Rocky Mountains National Park, Colorado.

Sunset are probably a favorite of many around the globe, and it is true that the viewer can find amazing sunsets probably every day. Coming down the road from almost 13,000 feet I had been observing the changes in the sky until I arrived much closer to the bottom of the valley. It seemed very unreal, almost magical. The fiery clouds seemed to be playing with the mountain peak.
From Long Ago

Crater Lake, Oregon

Driving from Idaho to California, I notice this dot on the map and decided that a 300-mile detour was not such a great thing if a trek which took me over 16,000 miles this past summer. I was certainly not disappointed. The West side of the USA is extremely volcanic, and this is great reminder of what was once.
Hope Again

Big Bend National Park, Texas

This park saw temperatures drop from 113 to 72 degrees in just a few minutes as several storms came through. In a land which can be so hostile, yet hope appears from time to time. Lightning in fact started several brushfire as I stood before this beginning of a rainbow.
Mystery

Valley of the Gods, Utah

This site which takes the visitor on an 18-mile dirt road was fairly unknown two years ago. I was then able to journey through the valley alone. This past summer I traveled there again and was most disappointed in finding campers at every single stop. I am not sure what led to this change, but it was upsetting. One of the greatest things we experience in such locales is the ability to commune with the immensity of the universe. While I, or no one is solely owner of such a paradise on earth, it is good to feel so for but a few minutes. In the quiet of this beautiful desert, on can stand for hours, and discover different vistas at every turn.
Road to Nowhere

Death Valley, California

To say that Death Valley is an eerie site is the east that could be claimed about this place. Silence prevails, vegetation hesitates and those who venture upon these roads may not return.
The Promise

Lake Yellowstone, Wyoming

This image is inspired by the great American landscape painters of the 19th century. As their work did, the photo shows the almost infinite space which stood in front the old pioneers as they conquered the land.
Who Knows

Monument Valley, Utah

The dream of any child who has watched many an old western and played with the made-up stories of the old West, it is with awe that I discovered the place where John Wayne and John Ford worked together with so many dreamers. I have not to this day seen the valley under a clear sky, but seeing it under the rain, or heavy clouds, while a challenge to the photographer allows for unusual, or at last uncommon perspectives to those who are used to seeing this landscape in books or on postcards.
Window to Yesterday

Canyonlands, Utah

A very popular rendezvous for many I was not aware of the existence of this arch at the end of a little hike in Canyonlands. Being able to frame the beauty of the landscape beyond gives the impression of a much more inviting emptiness in these forbidding climates. The colors are true and leave the spectator with a sense of amazement at the pure beauty of an unspoiled earth.

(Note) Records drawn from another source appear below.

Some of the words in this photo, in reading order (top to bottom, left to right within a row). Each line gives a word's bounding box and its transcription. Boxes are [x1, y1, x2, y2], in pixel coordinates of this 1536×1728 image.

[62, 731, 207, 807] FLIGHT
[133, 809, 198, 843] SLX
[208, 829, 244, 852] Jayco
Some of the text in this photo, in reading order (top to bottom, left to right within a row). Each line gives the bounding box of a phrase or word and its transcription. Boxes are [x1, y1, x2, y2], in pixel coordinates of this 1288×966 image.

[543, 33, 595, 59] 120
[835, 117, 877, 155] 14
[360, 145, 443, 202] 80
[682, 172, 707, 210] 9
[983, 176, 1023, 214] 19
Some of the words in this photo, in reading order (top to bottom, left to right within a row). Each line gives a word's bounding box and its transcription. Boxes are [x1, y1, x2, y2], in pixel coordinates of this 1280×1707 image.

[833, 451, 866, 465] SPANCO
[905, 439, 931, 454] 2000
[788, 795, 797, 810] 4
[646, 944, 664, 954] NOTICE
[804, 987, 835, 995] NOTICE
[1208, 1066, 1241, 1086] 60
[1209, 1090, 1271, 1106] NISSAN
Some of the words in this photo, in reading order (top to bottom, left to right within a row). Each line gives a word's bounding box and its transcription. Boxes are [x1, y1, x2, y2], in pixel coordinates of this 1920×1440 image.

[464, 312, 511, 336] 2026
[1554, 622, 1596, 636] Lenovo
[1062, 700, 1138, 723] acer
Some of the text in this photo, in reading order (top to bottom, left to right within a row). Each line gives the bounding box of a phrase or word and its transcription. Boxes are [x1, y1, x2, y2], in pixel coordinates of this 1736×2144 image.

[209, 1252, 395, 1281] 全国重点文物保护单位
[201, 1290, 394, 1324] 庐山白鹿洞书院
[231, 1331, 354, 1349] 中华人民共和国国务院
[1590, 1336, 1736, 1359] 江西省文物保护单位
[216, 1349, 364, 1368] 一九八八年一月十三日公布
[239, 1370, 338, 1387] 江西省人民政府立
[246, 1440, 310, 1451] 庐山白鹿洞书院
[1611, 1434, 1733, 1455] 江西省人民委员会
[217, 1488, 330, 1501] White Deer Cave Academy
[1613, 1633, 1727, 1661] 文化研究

Fabrice Poussin teaches French and English at Shorter University. Author of novels and poetry, his work has appeared in Kestrel, Symposium, The Chimes, and dozens of other magazines. His photography has been published in The Front Porch Review, the San Pedro River Review as well as other publications. 

Like a Pea. A Poem by Fabrice B. Poussin

 


Some die of a heart frozen to ice,
broken in shatters on a marble tombstone,

others suffer a heart so enlarged,
it cannot find a home in its cage,

I hear many live to such excess,
it just gives up in disgust or disease,

a few leave it behind, abandoned,
to be trampled under the feet of masses;

on occasion the cherub with arrow and bow
smiles at the agony left by his piercing blow;

millions saw their last sunlight in a trench,
when their insides were sublimed by copper,

now I wonder is it possible also to expire,
from a shrunken heart the size of a pea?

I ask why in this land of dreams among us all,
there would be no nurturing to this one,

littler, shier, out of place among the giants;
its faint beat, unperceivably, becomes quieter,

pea among peas, soon a little it shrinks again until…
finally it vanishes, forgotten, invisible and alone…

 
 
Fabrice B. Poussin
 

 
 
Fabrice Poussin teaches French and English at Shorter University. Author of novels and poetry,
his work has appeared in Kestrel, Symposium, The Chimes, and dozens of other magazines. His photography
has been published in The Front Porch Review, the San Pedro River Review as well as other publications.
 
 
Robin Ouzman Hislop is Editor of Poetry Life and Times his publications include All the Babble of the Souk and Cartoon Molecules collected poems and Key of Mist the recently published Tesserae translations from Spanish poets Guadalupe Grande and Carmen Crespo visit Aquillrelle.com/Author Robin Ouzman Hislop about author. See Robin performing his work Performance (Leeds University) .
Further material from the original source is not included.